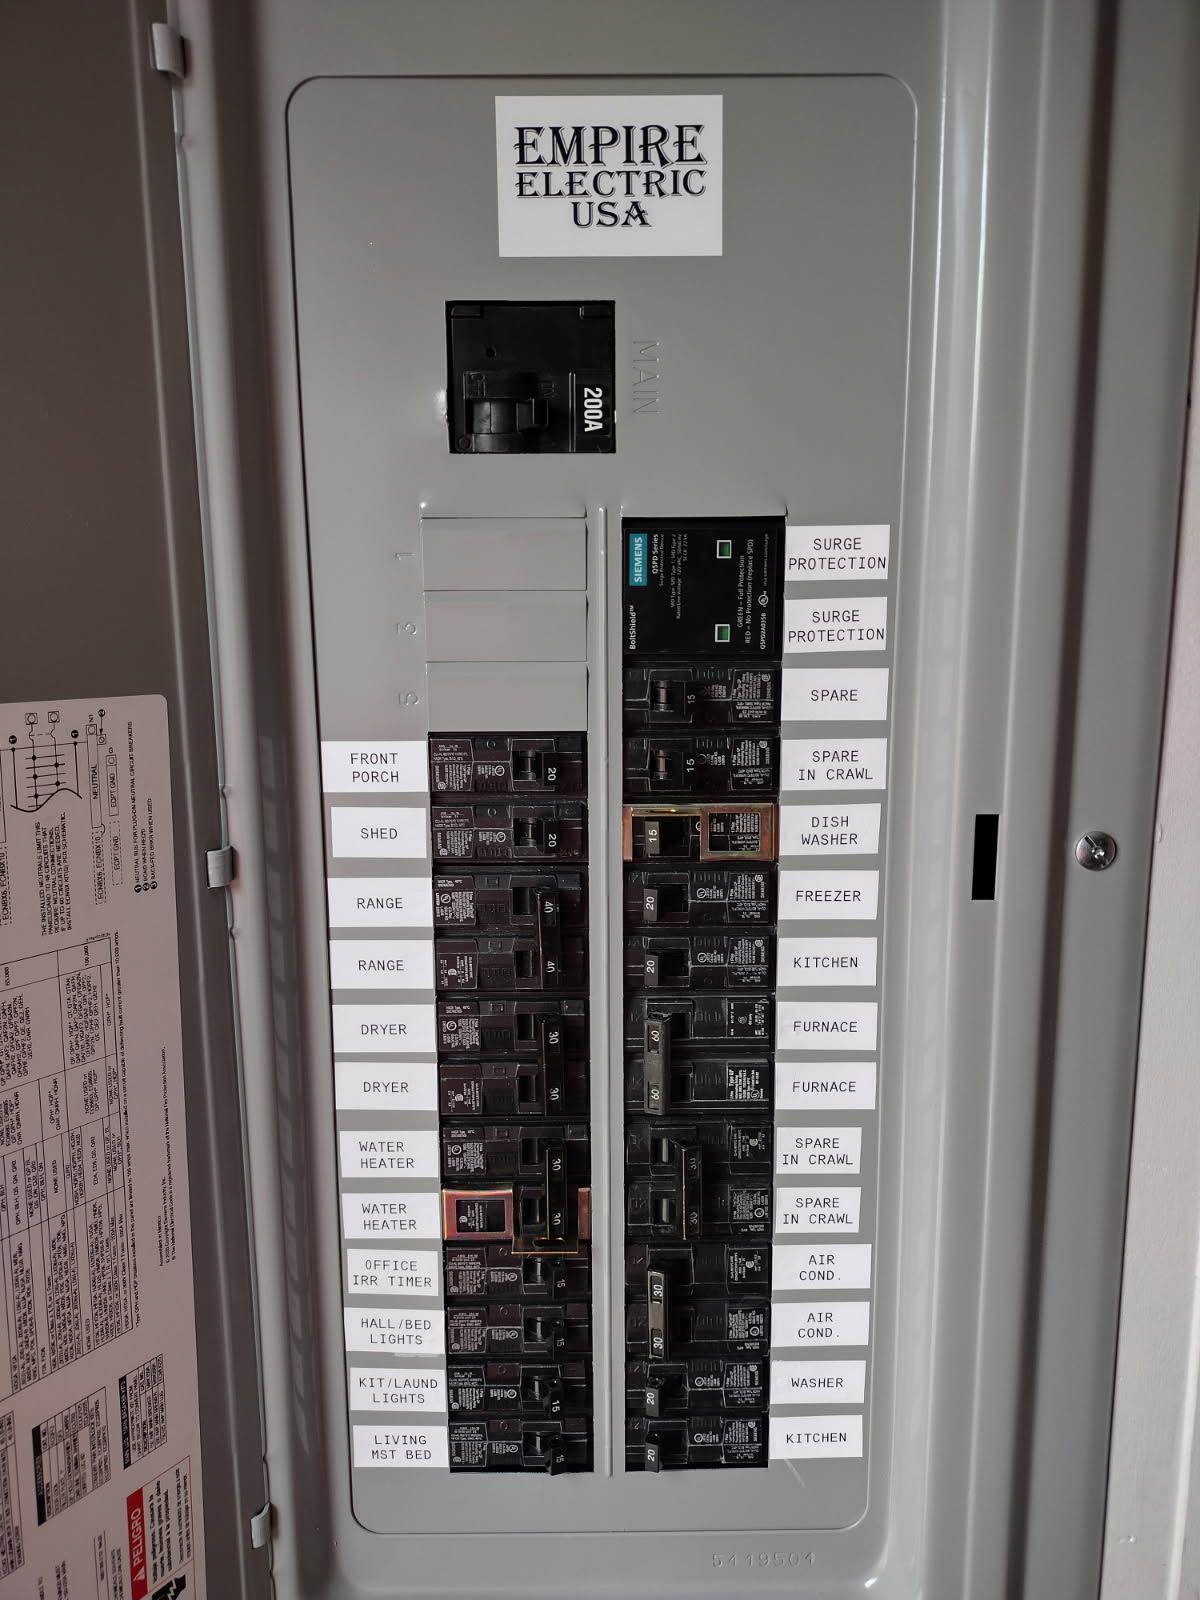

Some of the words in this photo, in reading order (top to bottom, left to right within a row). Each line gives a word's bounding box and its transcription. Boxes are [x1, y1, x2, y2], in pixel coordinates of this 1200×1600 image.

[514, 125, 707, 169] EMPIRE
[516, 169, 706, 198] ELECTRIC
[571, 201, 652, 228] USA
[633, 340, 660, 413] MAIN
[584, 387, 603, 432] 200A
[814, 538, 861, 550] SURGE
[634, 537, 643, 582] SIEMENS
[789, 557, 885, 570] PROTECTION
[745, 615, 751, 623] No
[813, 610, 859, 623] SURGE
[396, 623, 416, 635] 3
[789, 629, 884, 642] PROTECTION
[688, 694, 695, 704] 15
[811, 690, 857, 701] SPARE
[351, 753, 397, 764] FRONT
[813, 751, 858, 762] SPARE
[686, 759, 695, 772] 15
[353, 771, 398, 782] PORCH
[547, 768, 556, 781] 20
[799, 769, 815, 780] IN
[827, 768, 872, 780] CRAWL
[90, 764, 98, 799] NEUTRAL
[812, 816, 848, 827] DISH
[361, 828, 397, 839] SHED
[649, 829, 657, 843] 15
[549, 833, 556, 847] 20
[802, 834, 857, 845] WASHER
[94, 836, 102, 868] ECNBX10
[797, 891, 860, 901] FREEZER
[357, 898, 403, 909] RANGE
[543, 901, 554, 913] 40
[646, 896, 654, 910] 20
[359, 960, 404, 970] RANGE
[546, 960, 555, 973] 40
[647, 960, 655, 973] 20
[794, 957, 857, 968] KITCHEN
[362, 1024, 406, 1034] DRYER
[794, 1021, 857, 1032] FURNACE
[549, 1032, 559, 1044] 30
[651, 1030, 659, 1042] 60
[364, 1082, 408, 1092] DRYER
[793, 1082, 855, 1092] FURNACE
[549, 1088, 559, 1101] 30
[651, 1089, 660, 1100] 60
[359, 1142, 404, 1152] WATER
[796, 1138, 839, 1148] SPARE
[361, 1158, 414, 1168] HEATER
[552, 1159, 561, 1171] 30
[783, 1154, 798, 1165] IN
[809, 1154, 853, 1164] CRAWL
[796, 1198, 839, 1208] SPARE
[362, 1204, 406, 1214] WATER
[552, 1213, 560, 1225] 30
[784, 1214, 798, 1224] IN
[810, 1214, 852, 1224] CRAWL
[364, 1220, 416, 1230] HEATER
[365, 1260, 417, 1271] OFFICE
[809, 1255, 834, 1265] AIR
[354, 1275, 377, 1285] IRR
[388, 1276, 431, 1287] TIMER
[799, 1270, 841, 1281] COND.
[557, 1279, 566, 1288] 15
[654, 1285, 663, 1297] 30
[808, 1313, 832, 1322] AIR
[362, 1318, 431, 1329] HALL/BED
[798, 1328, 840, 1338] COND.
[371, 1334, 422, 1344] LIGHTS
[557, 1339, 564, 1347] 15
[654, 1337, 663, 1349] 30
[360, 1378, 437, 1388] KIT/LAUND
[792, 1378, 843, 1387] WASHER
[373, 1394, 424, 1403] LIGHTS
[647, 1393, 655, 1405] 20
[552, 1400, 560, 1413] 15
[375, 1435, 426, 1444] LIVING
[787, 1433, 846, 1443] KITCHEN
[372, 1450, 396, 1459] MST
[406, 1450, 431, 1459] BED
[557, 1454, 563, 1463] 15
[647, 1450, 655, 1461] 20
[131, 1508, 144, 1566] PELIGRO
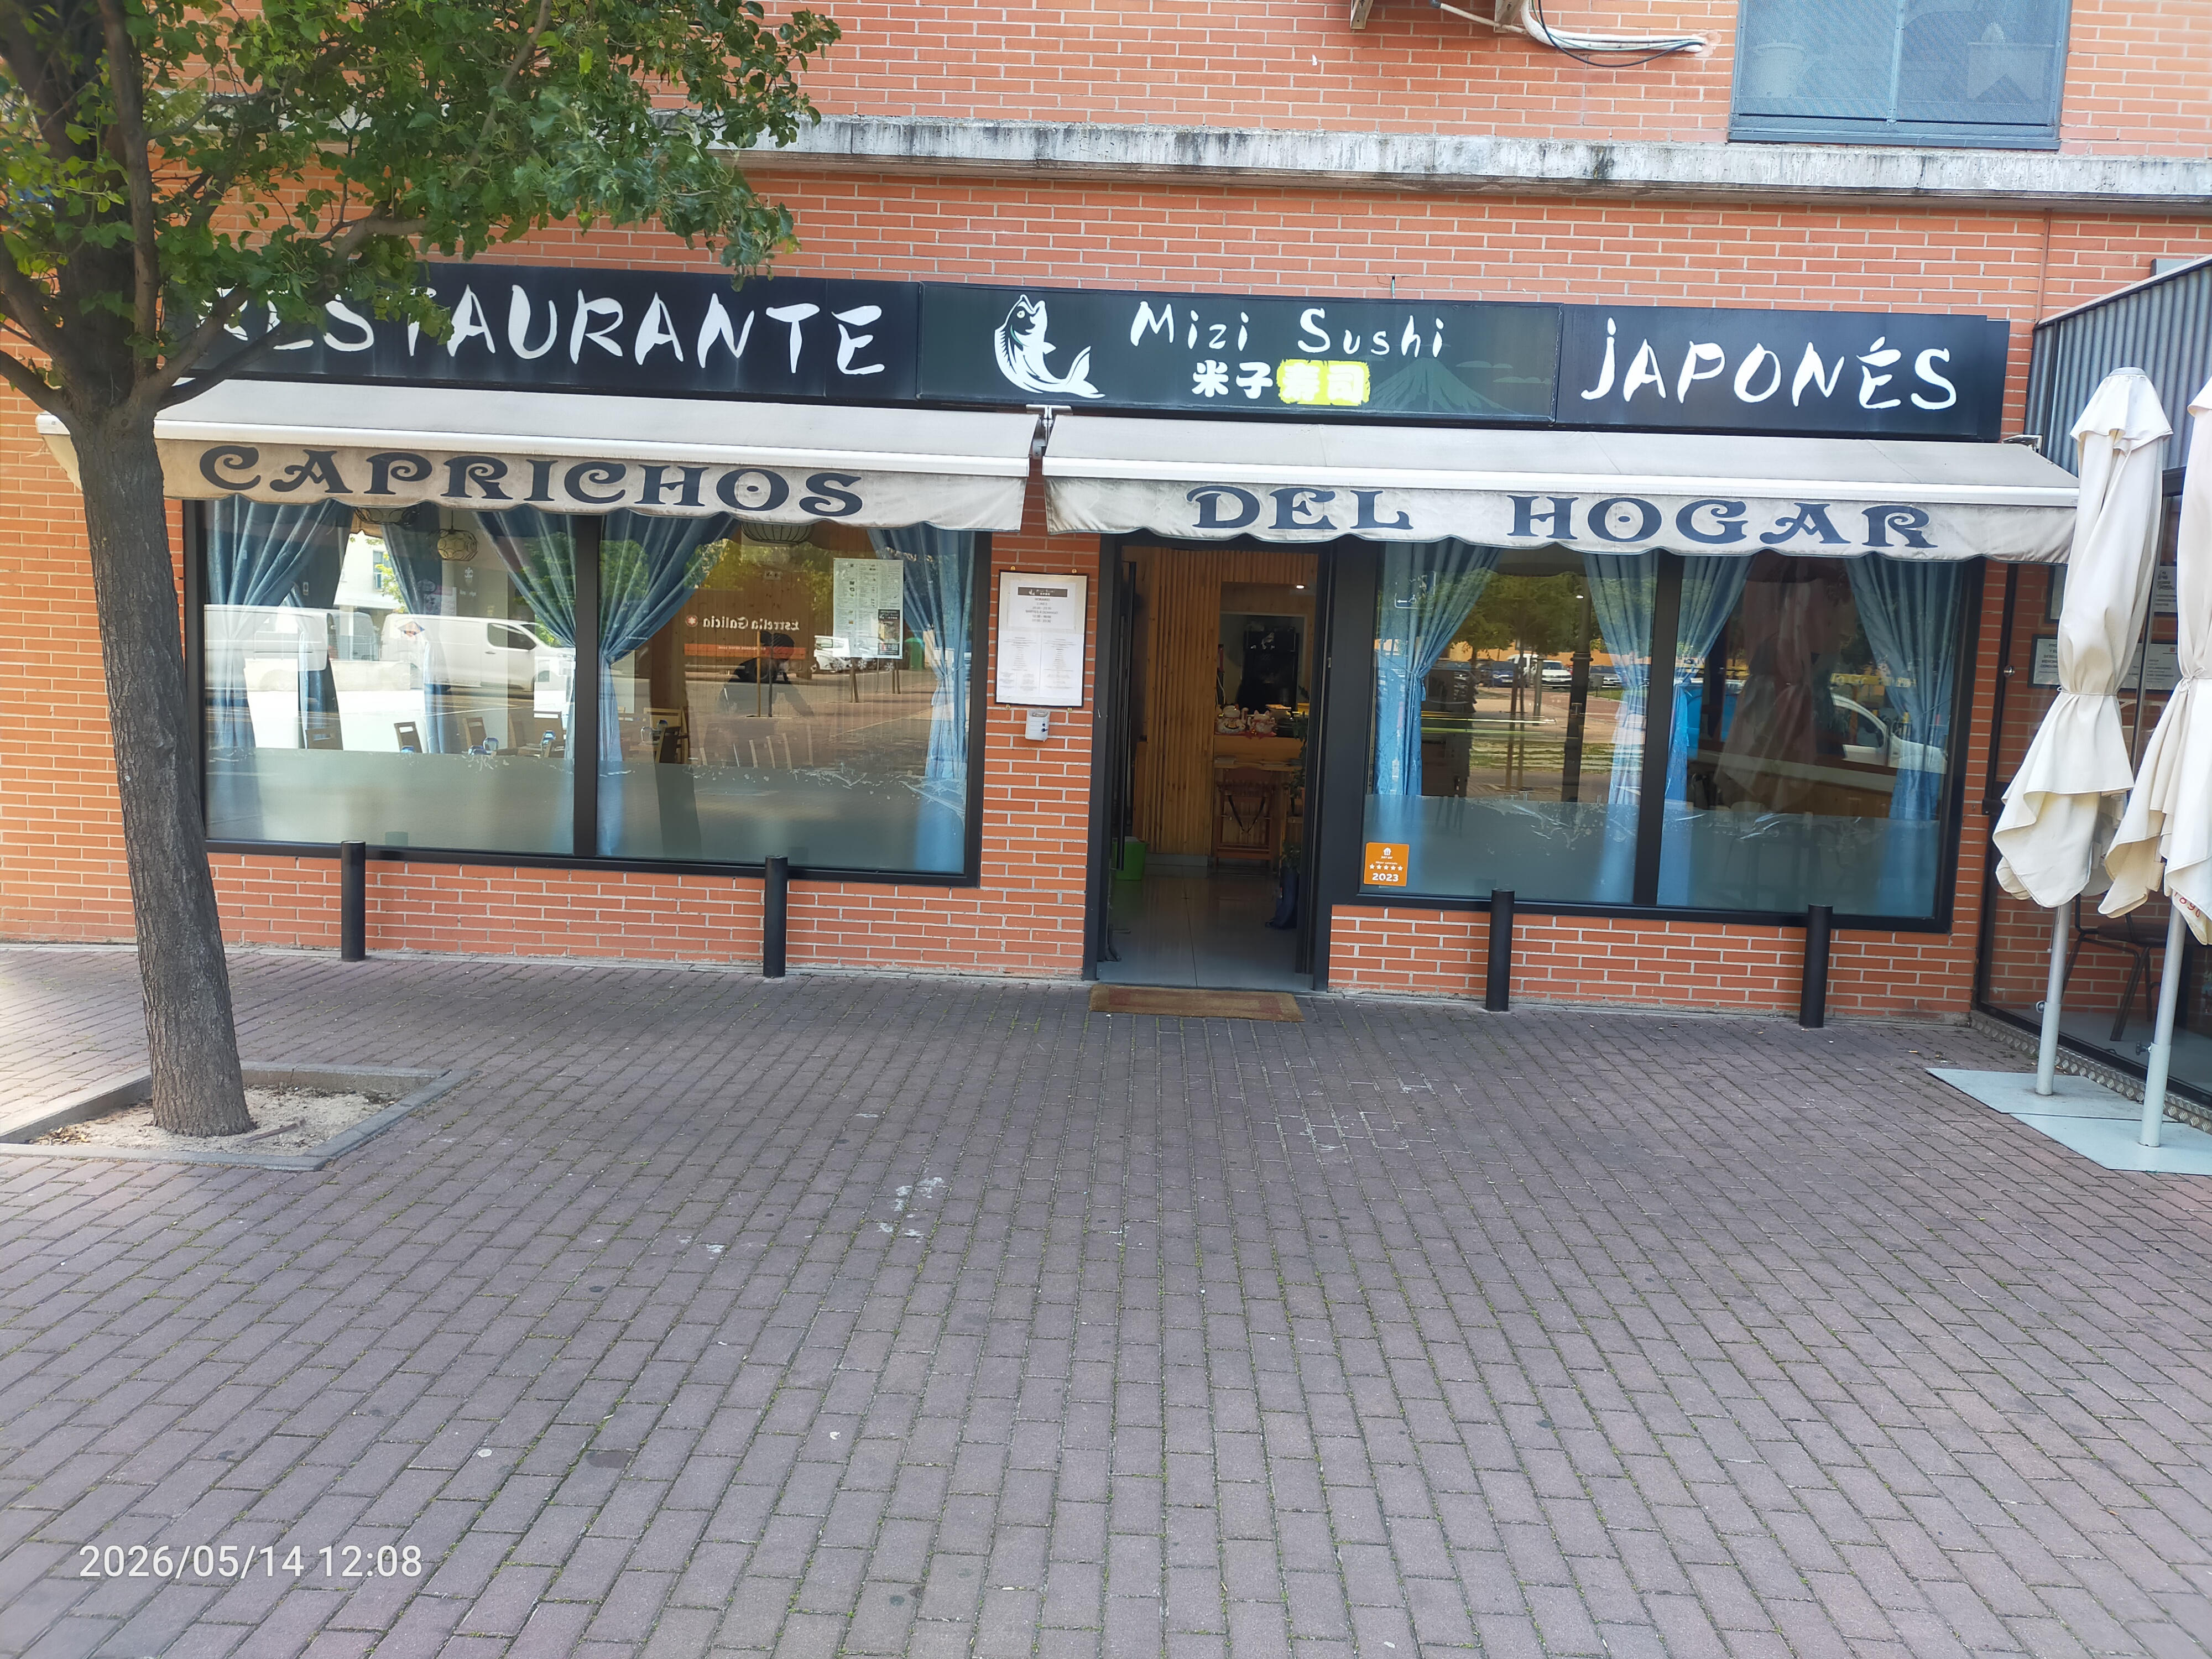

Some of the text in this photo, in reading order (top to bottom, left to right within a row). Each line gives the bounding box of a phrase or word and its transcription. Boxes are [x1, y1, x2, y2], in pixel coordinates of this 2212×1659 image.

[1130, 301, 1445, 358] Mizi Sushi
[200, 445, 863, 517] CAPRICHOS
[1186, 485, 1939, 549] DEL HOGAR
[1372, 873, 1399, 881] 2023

### HOW TO COMPLETE THIS TASK
Look above for the line containing "Some of the text", then transcribe it and all lines after it through the last, exactly and with nothing else.

### ANSWER TO THE EXERCISE
Some of the text in this photo, in reading order (top to bottom, left to right within a row). Each line gives the bounding box of a phrase or word and its transcription. Boxes are [x1, y1, x2, y2], in pixel coordinates of this 2212×1659 image.

[1130, 301, 1445, 358] Mizi Sushi
[200, 445, 863, 517] CAPRICHOS
[1186, 485, 1939, 549] DEL HOGAR
[1372, 873, 1399, 881] 2023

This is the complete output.